Talking about Dead Friends with Ethan Hawke
Why grieve alone when you can grieve with the star of "Reality Bites"?
Exactly ten years ago this week, I was sent by Men’s Health to interview Ethan Hawke. He was promoting a new movie called Good Kill. I have no memory of the plot—it was a war movie, something to do with Afghanistan, I think—but I do remember this: Just an hour before my interview with Ethan, I learned that an old college friend had died.
It wasn’t a complete surprise. Deb, my friend, had been diagnosed with a brainstem tumor earlier that year. I followed news of her treatment on Facebook—she had moved to the UK years ago—and her slow realization, along with the rest of us, that she wouldn’t be getting better. But hearing that it was over, that she was really gone, still hit me like a brick to the face.
Learning that anyone you love has died is rattling. But especially when it happens to a peer, somebody your own age. You suddenly feel very vulnerable, acutely aware that life is fleeting.
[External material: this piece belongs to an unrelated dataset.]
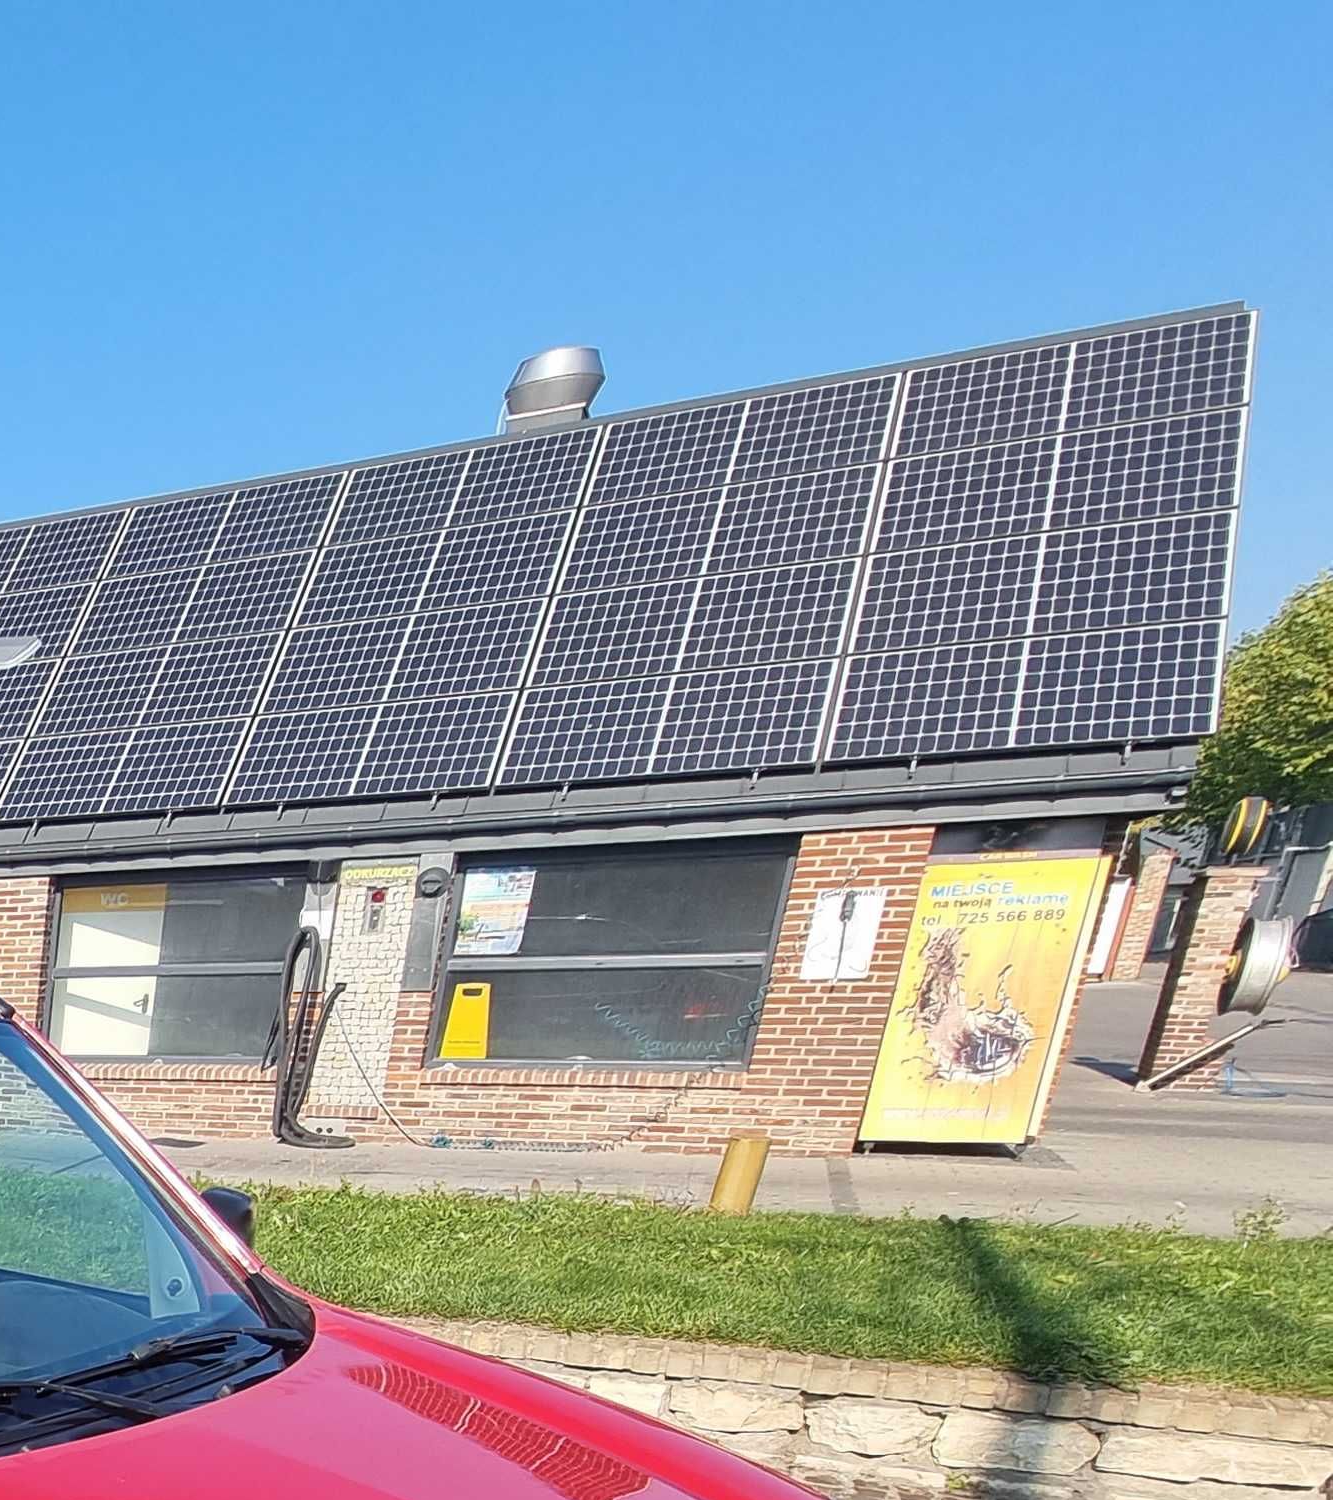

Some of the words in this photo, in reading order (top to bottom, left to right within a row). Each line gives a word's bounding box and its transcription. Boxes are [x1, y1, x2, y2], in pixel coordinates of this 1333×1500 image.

You just want to be alone for a while and feel sad for your friend and sorry for yourself and angry at the unfairness of the universe.
But I didn’t get to do that. I had a prior commitment to talk to a movie star.
***
Eric Spitznagel: I think we’re roughly the same age. You’re 44, right?
Ethan Hawke: I am, yes.
ES: Do you feel 44? Do you feel your age?
EH: I’m very aware of it. You feel your relationship to other people changing. But it beats the alternative, right? Which is dying.